» **Required action**:
The data should be printed in full, character for character.

» **Text-to-region grounding data**:
- Opening Delimiter -
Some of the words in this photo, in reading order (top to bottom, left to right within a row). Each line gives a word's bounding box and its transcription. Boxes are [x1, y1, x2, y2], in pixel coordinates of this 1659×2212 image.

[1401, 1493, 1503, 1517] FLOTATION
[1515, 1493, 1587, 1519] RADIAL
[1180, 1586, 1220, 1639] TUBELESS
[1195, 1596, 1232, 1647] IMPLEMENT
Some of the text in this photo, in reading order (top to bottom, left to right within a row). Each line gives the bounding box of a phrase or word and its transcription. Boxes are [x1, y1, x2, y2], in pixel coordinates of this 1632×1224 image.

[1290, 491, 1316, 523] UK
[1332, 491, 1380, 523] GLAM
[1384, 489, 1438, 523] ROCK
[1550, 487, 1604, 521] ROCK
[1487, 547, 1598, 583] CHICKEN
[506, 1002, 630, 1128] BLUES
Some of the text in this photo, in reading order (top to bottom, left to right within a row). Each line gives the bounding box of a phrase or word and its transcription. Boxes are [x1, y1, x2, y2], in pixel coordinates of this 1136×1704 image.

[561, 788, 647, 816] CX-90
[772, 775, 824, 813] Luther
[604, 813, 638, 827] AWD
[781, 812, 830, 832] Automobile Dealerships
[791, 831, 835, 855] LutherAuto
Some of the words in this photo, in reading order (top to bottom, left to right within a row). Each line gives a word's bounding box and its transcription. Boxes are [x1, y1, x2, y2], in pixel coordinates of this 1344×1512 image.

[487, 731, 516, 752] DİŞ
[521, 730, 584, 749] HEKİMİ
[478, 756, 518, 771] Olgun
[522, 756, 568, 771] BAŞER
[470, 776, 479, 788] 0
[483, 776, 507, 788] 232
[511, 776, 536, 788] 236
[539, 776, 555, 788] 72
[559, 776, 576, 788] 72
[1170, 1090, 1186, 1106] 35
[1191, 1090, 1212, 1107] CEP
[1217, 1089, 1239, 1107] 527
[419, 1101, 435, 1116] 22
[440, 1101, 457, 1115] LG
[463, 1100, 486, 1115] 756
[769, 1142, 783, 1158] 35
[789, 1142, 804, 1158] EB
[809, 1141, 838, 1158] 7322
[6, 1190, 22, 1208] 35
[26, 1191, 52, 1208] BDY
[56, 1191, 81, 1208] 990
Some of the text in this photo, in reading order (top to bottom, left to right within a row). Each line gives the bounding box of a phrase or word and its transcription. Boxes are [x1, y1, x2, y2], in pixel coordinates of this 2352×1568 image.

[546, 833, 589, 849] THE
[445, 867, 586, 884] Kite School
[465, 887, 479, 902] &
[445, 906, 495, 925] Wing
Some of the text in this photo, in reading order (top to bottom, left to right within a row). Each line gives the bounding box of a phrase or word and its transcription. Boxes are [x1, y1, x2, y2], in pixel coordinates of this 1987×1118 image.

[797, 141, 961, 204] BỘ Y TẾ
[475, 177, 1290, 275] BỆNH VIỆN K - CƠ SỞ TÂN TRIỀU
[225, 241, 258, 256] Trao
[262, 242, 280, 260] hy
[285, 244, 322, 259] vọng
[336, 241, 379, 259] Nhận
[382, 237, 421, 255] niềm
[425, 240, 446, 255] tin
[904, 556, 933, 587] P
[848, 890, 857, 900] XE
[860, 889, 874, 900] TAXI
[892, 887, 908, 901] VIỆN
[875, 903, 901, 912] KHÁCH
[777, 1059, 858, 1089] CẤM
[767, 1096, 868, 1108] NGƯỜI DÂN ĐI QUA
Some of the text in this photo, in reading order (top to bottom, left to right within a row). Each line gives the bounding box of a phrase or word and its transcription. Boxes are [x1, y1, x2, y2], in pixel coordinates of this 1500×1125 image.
- Closing Delimiter -
» **Answer to the problem**:
Some of the words in this photo, in reading order (top to bottom, left to right within a row). Each line gives a word's bounding box and its transcription. Boxes are [x1, y1, x2, y2], in pixel coordinates of this 1659×2212 image.

[1401, 1493, 1503, 1517] FLOTATION
[1515, 1493, 1587, 1519] RADIAL
[1180, 1586, 1220, 1639] TUBELESS
[1195, 1596, 1232, 1647] IMPLEMENT
Some of the text in this photo, in reading order (top to bottom, left to right within a row). Each line gives the bounding box of a phrase or word and its transcription. Boxes are [x1, y1, x2, y2], in pixel coordinates of this 1632×1224 image.

[1290, 491, 1316, 523] UK
[1332, 491, 1380, 523] GLAM
[1384, 489, 1438, 523] ROCK
[1550, 487, 1604, 521] ROCK
[1487, 547, 1598, 583] CHICKEN
[506, 1002, 630, 1128] BLUES
Some of the text in this photo, in reading order (top to bottom, left to right within a row). Each line gives the bounding box of a phrase or word and its transcription. Boxes are [x1, y1, x2, y2], in pixel coordinates of this 1136×1704 image.

[561, 788, 647, 816] CX-90
[772, 775, 824, 813] Luther
[604, 813, 638, 827] AWD
[781, 812, 830, 832] Automobile Dealerships
[791, 831, 835, 855] LutherAuto
Some of the words in this photo, in reading order (top to bottom, left to right within a row). Each line gives a word's bounding box and its transcription. Boxes are [x1, y1, x2, y2], in pixel coordinates of this 1344×1512 image.

[487, 731, 516, 752] DİŞ
[521, 730, 584, 749] HEKİMİ
[478, 756, 518, 771] Olgun
[522, 756, 568, 771] BAŞER
[470, 776, 479, 788] 0
[483, 776, 507, 788] 232
[511, 776, 536, 788] 236
[539, 776, 555, 788] 72
[559, 776, 576, 788] 72
[1170, 1090, 1186, 1106] 35
[1191, 1090, 1212, 1107] CEP
[1217, 1089, 1239, 1107] 527
[419, 1101, 435, 1116] 22
[440, 1101, 457, 1115] LG
[463, 1100, 486, 1115] 756
[769, 1142, 783, 1158] 35
[789, 1142, 804, 1158] EB
[809, 1141, 838, 1158] 7322
[6, 1190, 22, 1208] 35
[26, 1191, 52, 1208] BDY
[56, 1191, 81, 1208] 990
Some of the text in this photo, in reading order (top to bottom, left to right within a row). Each line gives the bounding box of a phrase or word and its transcription. Boxes are [x1, y1, x2, y2], in pixel coordinates of this 2352×1568 image.

[546, 833, 589, 849] THE
[445, 867, 586, 884] Kite School
[465, 887, 479, 902] &
[445, 906, 495, 925] Wing
Some of the text in this photo, in reading order (top to bottom, left to right within a row). Each line gives the bounding box of a phrase or word and its transcription. Boxes are [x1, y1, x2, y2], in pixel coordinates of this 1987×1118 image.

[797, 141, 961, 204] BỘ Y TẾ
[475, 177, 1290, 275] BỆNH VIỆN K - CƠ SỞ TÂN TRIỀU
[225, 241, 258, 256] Trao
[262, 242, 280, 260] hy
[285, 244, 322, 259] vọng
[336, 241, 379, 259] Nhận
[382, 237, 421, 255] niềm
[425, 240, 446, 255] tin
[904, 556, 933, 587] P
[848, 890, 857, 900] XE
[860, 889, 874, 900] TAXI
[892, 887, 908, 901] VIỆN
[875, 903, 901, 912] KHÁCH
[777, 1059, 858, 1089] CẤM
[767, 1096, 868, 1108] NGƯỜI DÂN ĐI QUA
Some of the text in this photo, in reading order (top to bottom, left to right within a row). Each line gives the bounding box of a phrase or word and its transcription. Boxes are [x1, y1, x2, y2], in pixel coordinates of this 1500×1125 image.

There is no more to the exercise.